<<<<
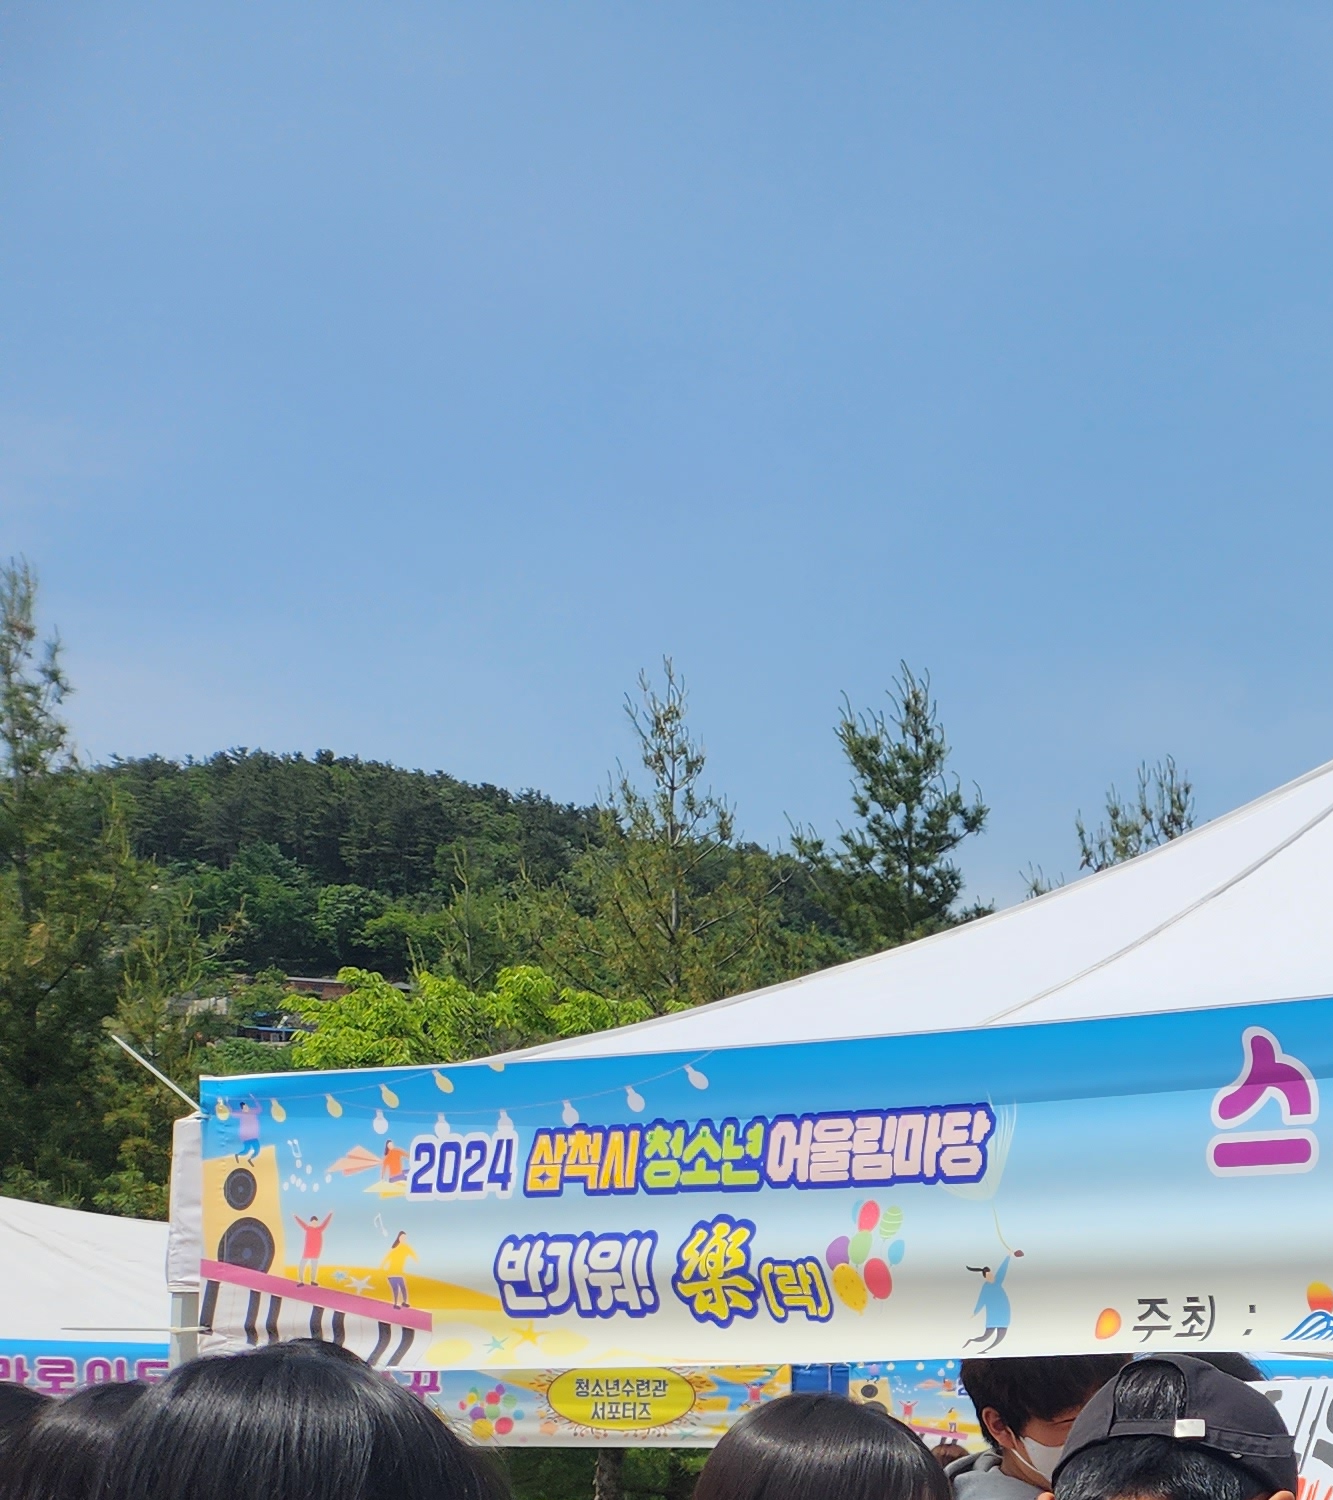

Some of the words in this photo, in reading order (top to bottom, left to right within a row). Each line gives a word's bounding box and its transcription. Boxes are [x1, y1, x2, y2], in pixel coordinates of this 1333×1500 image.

[409, 1141, 514, 1193] 2024
[526, 1127, 638, 1194] 삼척시
[643, 1115, 766, 1188] 청소년
[768, 1104, 992, 1187] 어울림마당
[498, 1233, 655, 1316] 반가워!
[1131, 1295, 1216, 1342] 주최
[574, 1378, 669, 1398] 청소년수련관
[590, 1401, 652, 1421] 서포터즈
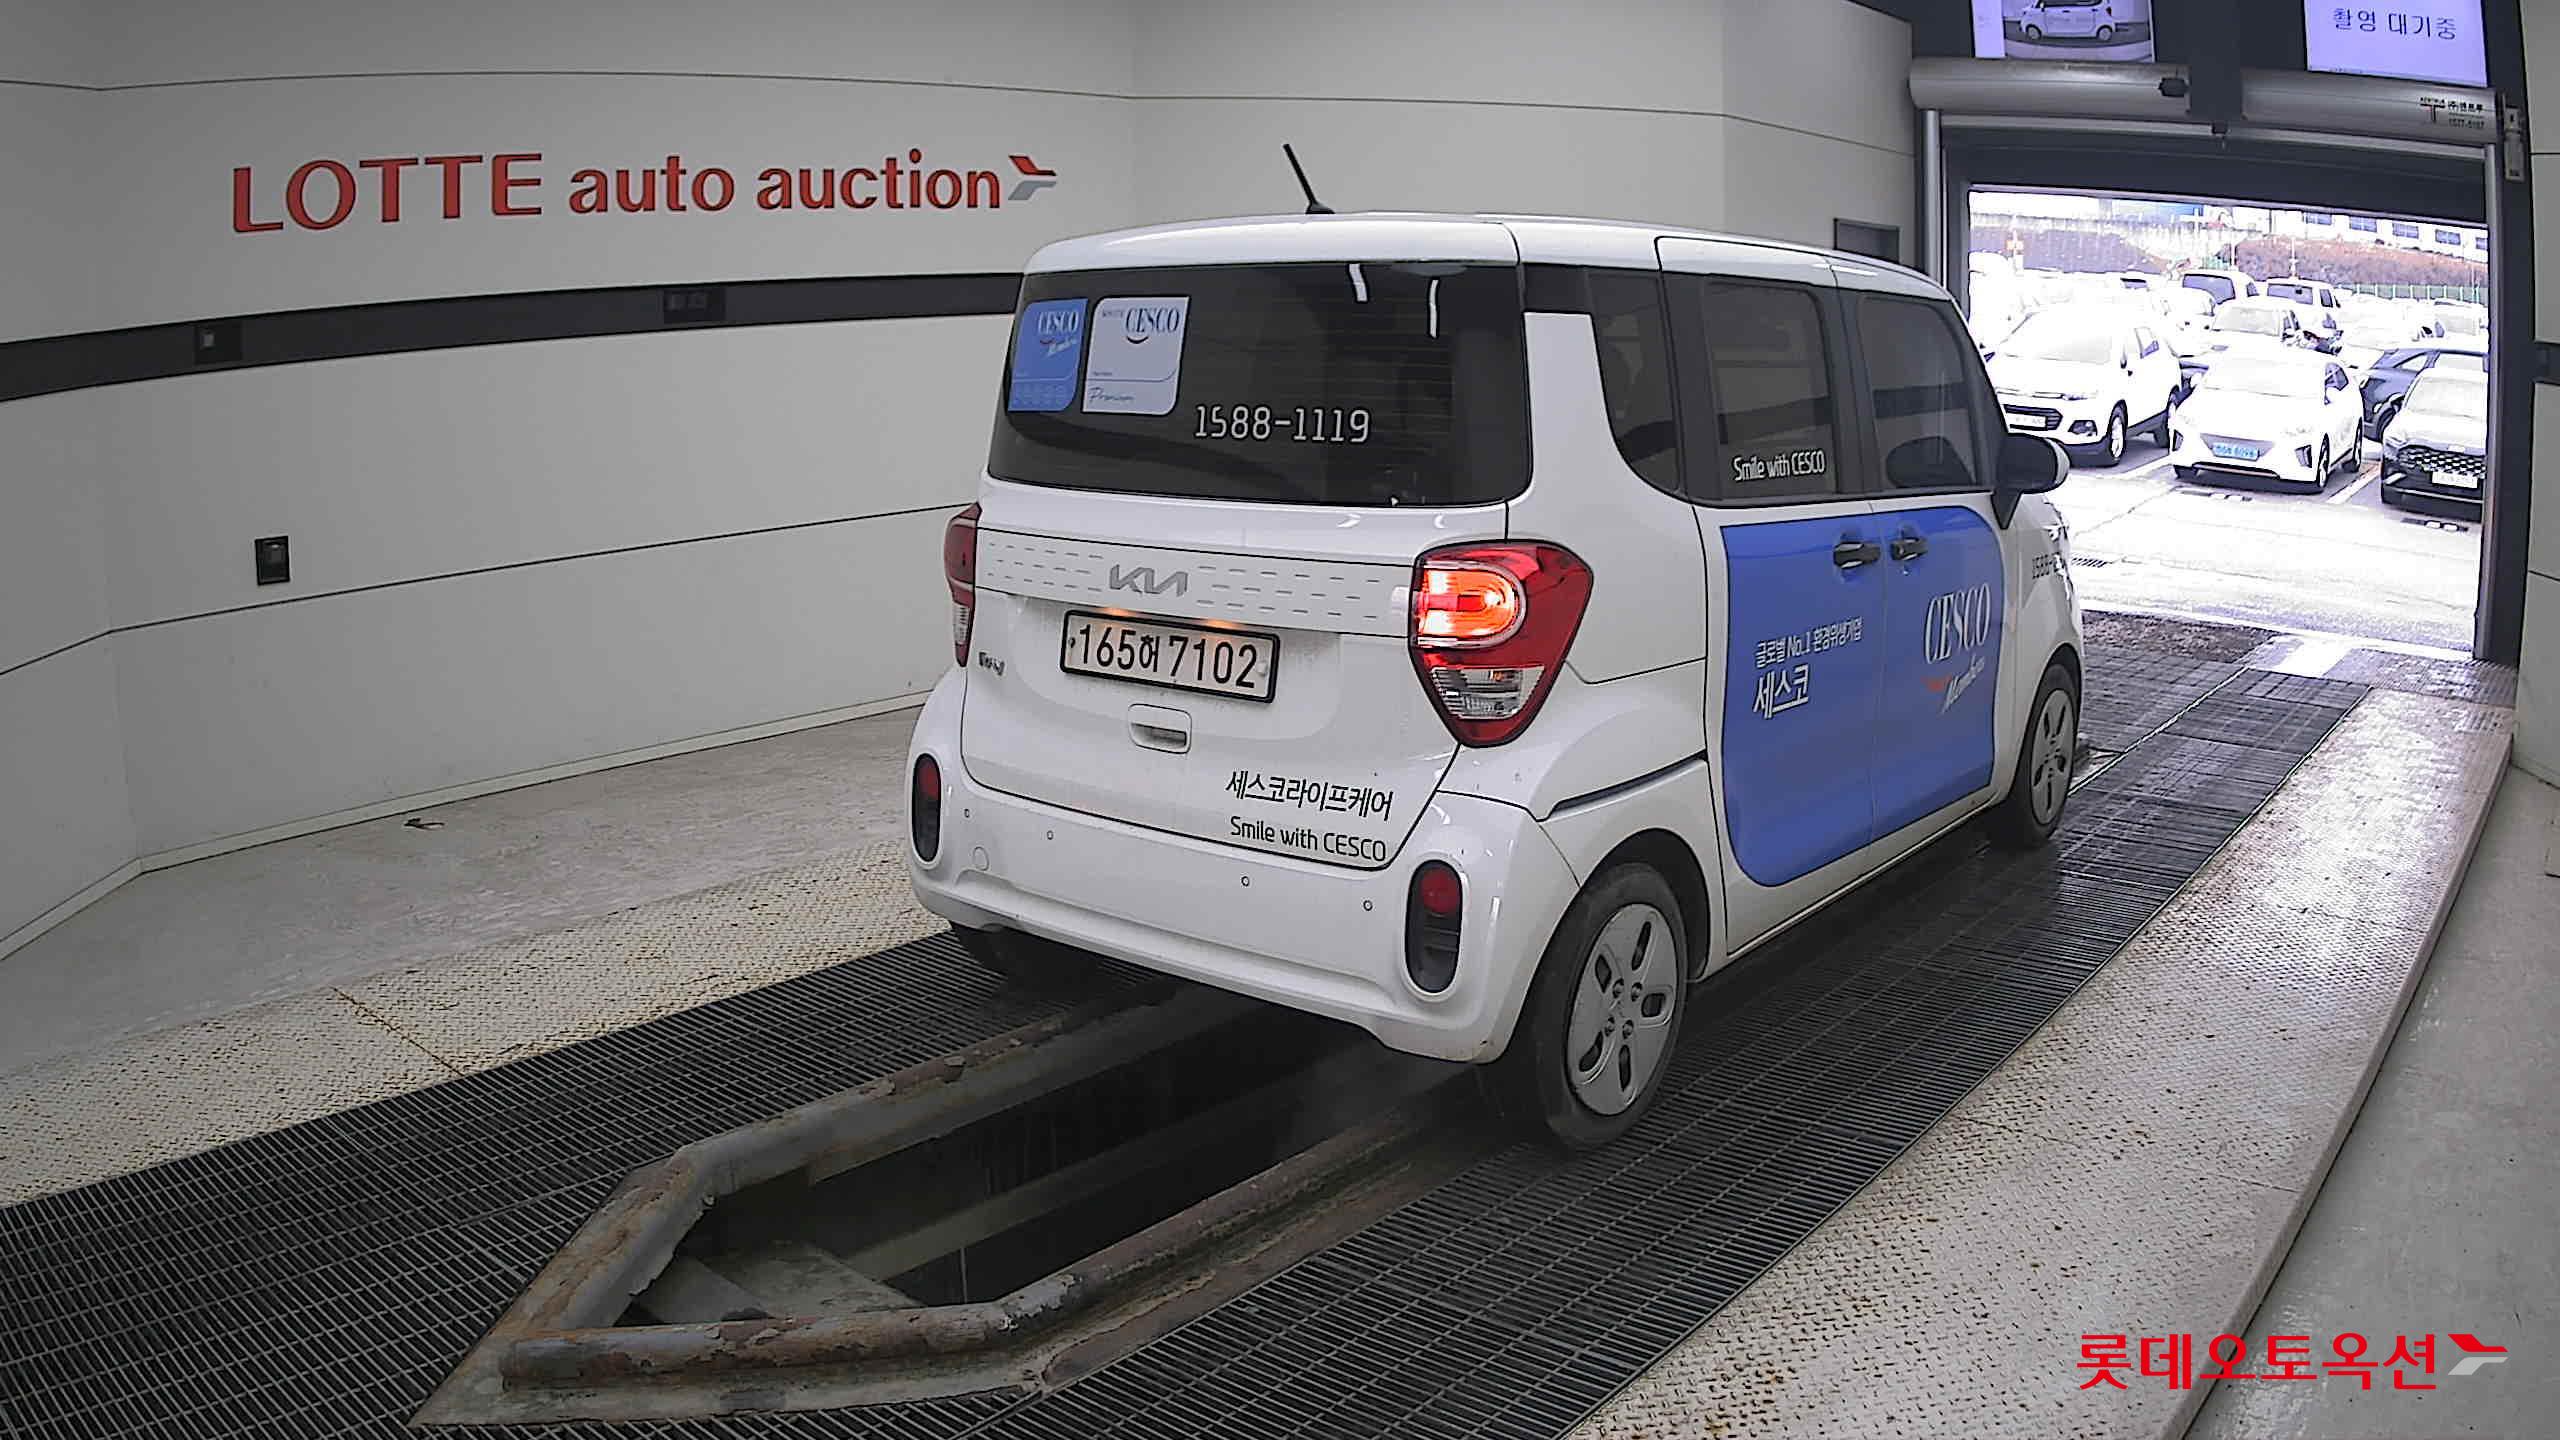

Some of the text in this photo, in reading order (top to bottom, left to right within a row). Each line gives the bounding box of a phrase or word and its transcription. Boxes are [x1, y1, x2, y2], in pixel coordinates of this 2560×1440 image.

[2388, 13, 2457, 40] 대기중
[232, 148, 1000, 233] LOTTE auto auction
[1038, 310, 1079, 336] CESCO
[1126, 306, 1180, 334] CESCO
[1194, 404, 1371, 443] 1588-1119
[1733, 450, 1825, 481] Smile with CESCO
[1925, 583, 1990, 664] CESCO
[1079, 623, 1258, 689] 165허 7102
[1756, 637, 1786, 669] 글로벌
[1753, 663, 1809, 719] 세스코
[1225, 770, 1393, 821] 세스코라이프케어
[1230, 815, 1386, 861] Smile with CESCO
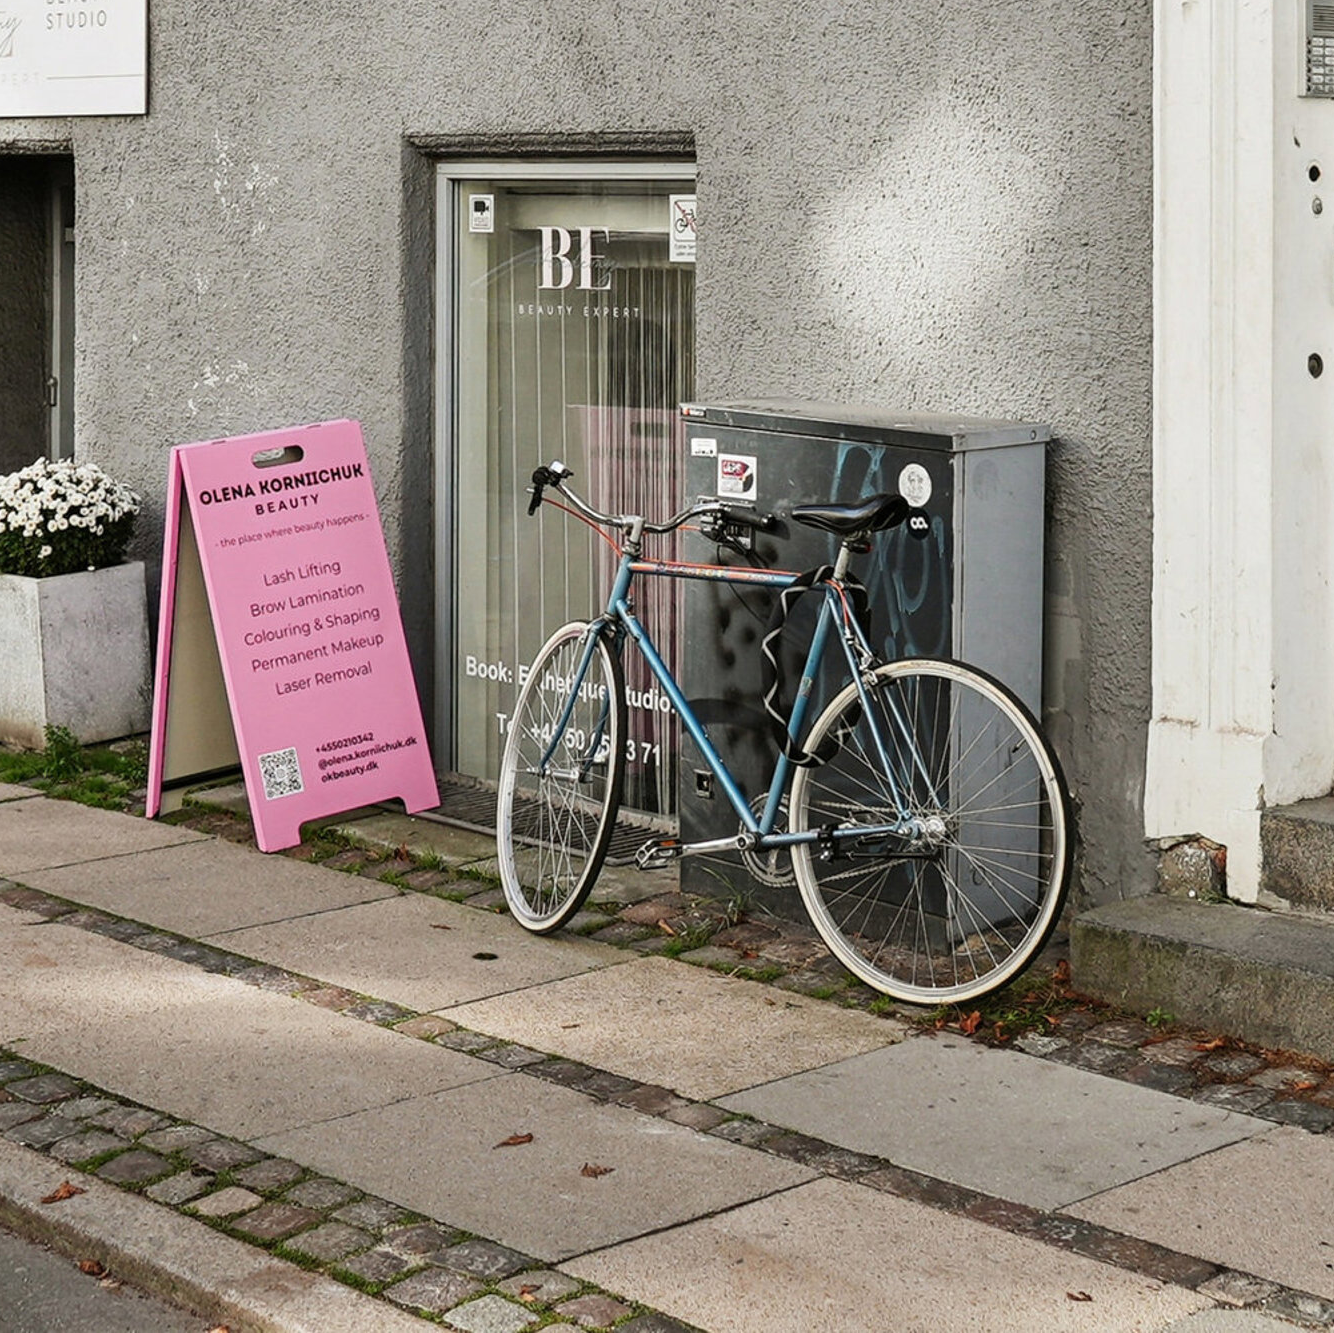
>>>>
PROBLEM STATEMENT:
When the line that holds "Some of the text" is reached, begin duplicating exactly, and continue through the last line of the listing, skipping the pictures; output nothing else.

RESULT OF THIS TASK:
Some of the text in this photo, in reading order (top to bottom, left to right within a row). Each line gives the bounding box of a phrase or word and its transcription. Boxes are [x1, y1, x2, y2], in pixel coordinates of this 2560×1440 image.

[2388, 13, 2457, 40] 대기중
[232, 148, 1000, 233] LOTTE auto auction
[1038, 310, 1079, 336] CESCO
[1126, 306, 1180, 334] CESCO
[1194, 404, 1371, 443] 1588-1119
[1733, 450, 1825, 481] Smile with CESCO
[1925, 583, 1990, 664] CESCO
[1079, 623, 1258, 689] 165허 7102
[1756, 637, 1786, 669] 글로벌
[1753, 663, 1809, 719] 세스코
[1225, 770, 1393, 821] 세스코라이프케어
[1230, 815, 1386, 861] Smile with CESCO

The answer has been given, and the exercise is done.